▶ Task to carry out
Give a faithful, exact copy of all entries, minus the images.

# # # # # # #

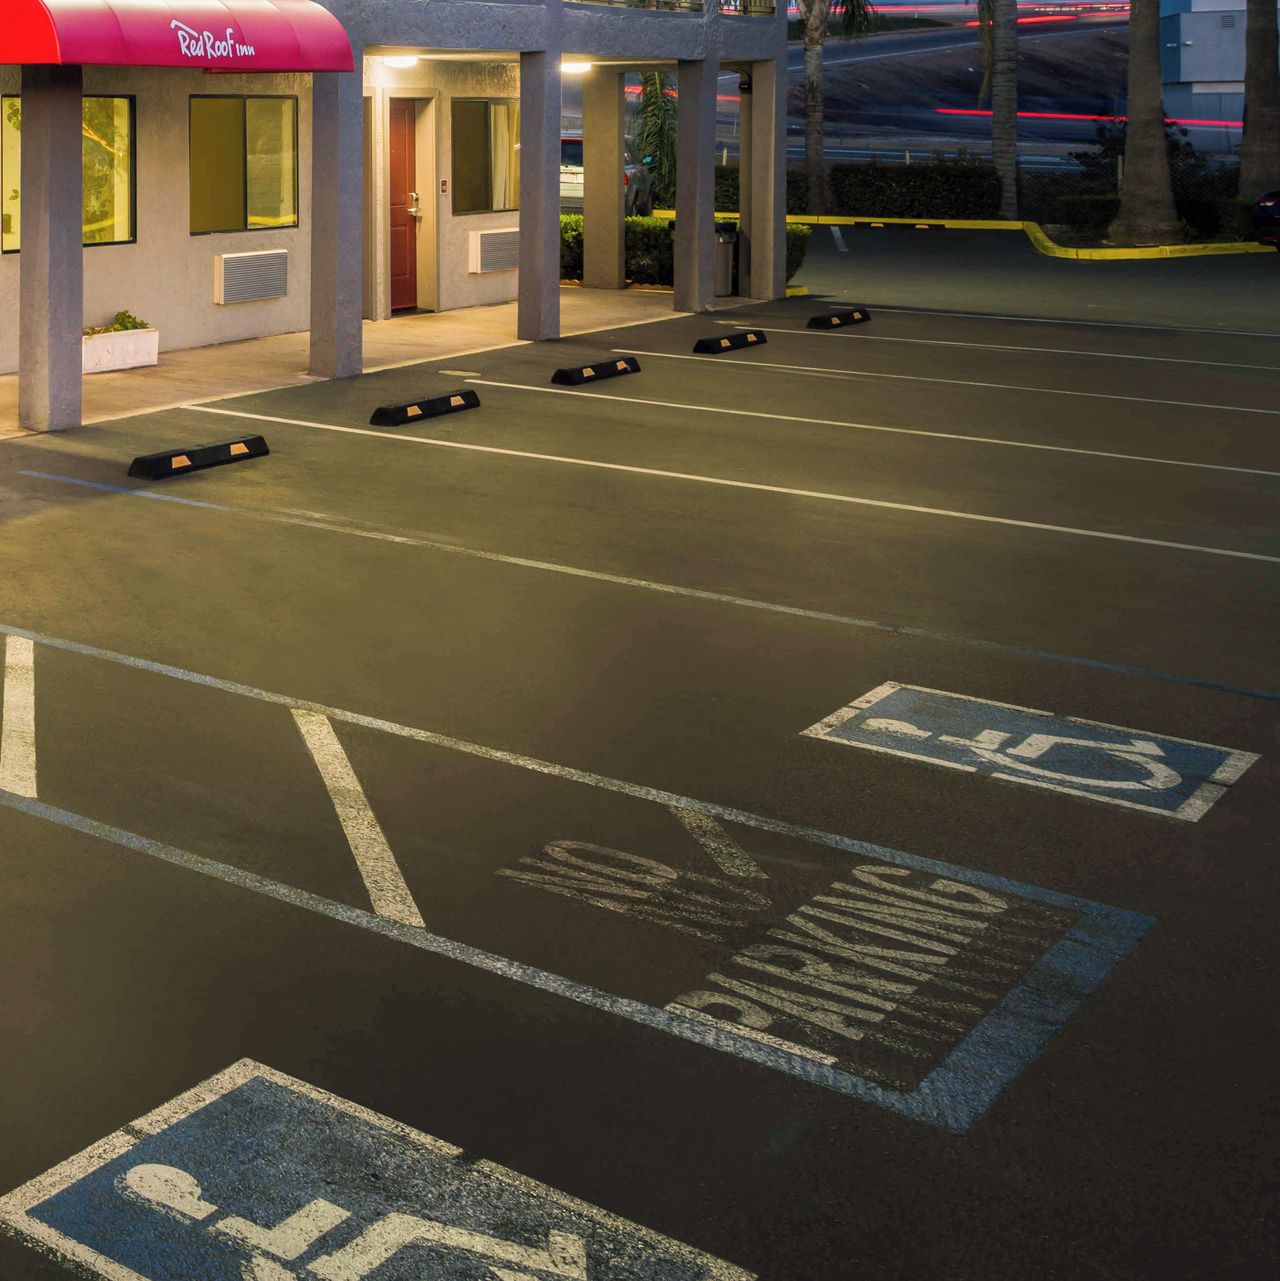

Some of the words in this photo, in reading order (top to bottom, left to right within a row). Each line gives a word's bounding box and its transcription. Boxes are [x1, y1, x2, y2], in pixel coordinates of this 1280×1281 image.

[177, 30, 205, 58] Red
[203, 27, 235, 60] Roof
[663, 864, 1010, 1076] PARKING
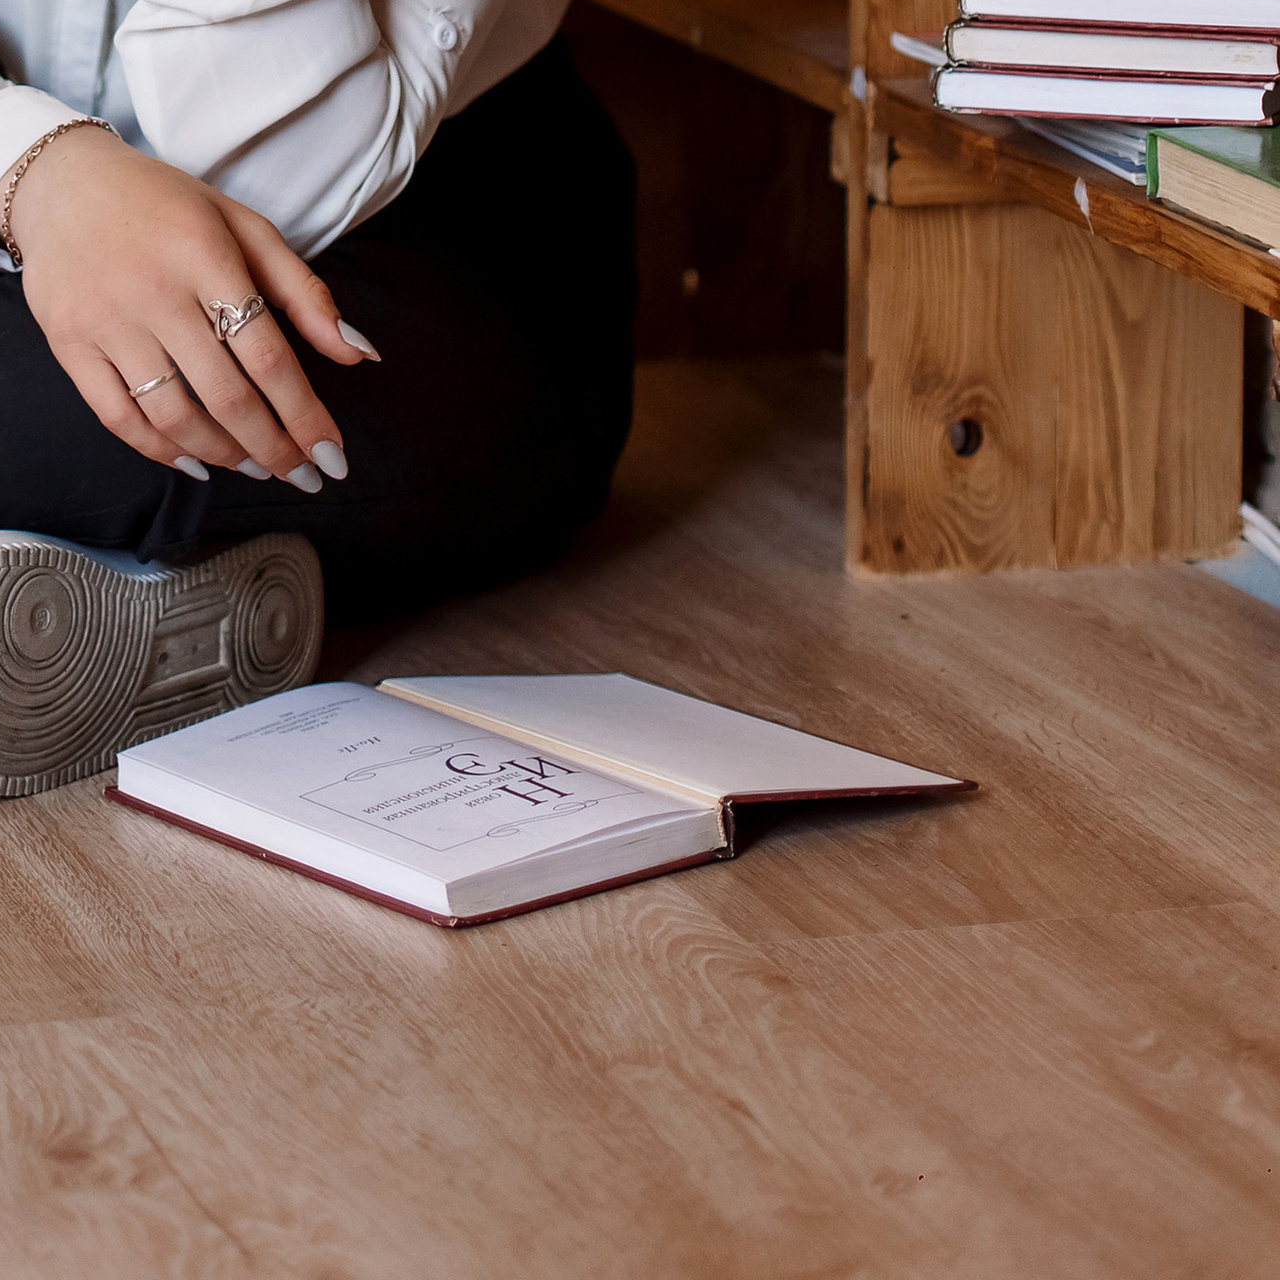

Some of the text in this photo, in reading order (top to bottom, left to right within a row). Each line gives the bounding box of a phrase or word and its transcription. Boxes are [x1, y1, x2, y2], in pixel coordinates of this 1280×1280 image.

# # # # # # #

▶ Task result
Some of the words in this photo, in reading order (top to bottom, left to right within a row). Each line gives a word's bounding box and its transcription. Boxes are [x1, y1, x2, y2], in pixel coordinates of this 1280×1281 image.

[177, 30, 205, 58] Red
[203, 27, 235, 60] Roof
[663, 864, 1010, 1076] PARKING

Some of the text in this photo, in reading order (top to bottom, left to right within a row). Each line gives the bounding box of a phrase or word and its transcription. Boxes are [x1, y1, x2, y2], in pixel coordinates of this 1280×1280 image.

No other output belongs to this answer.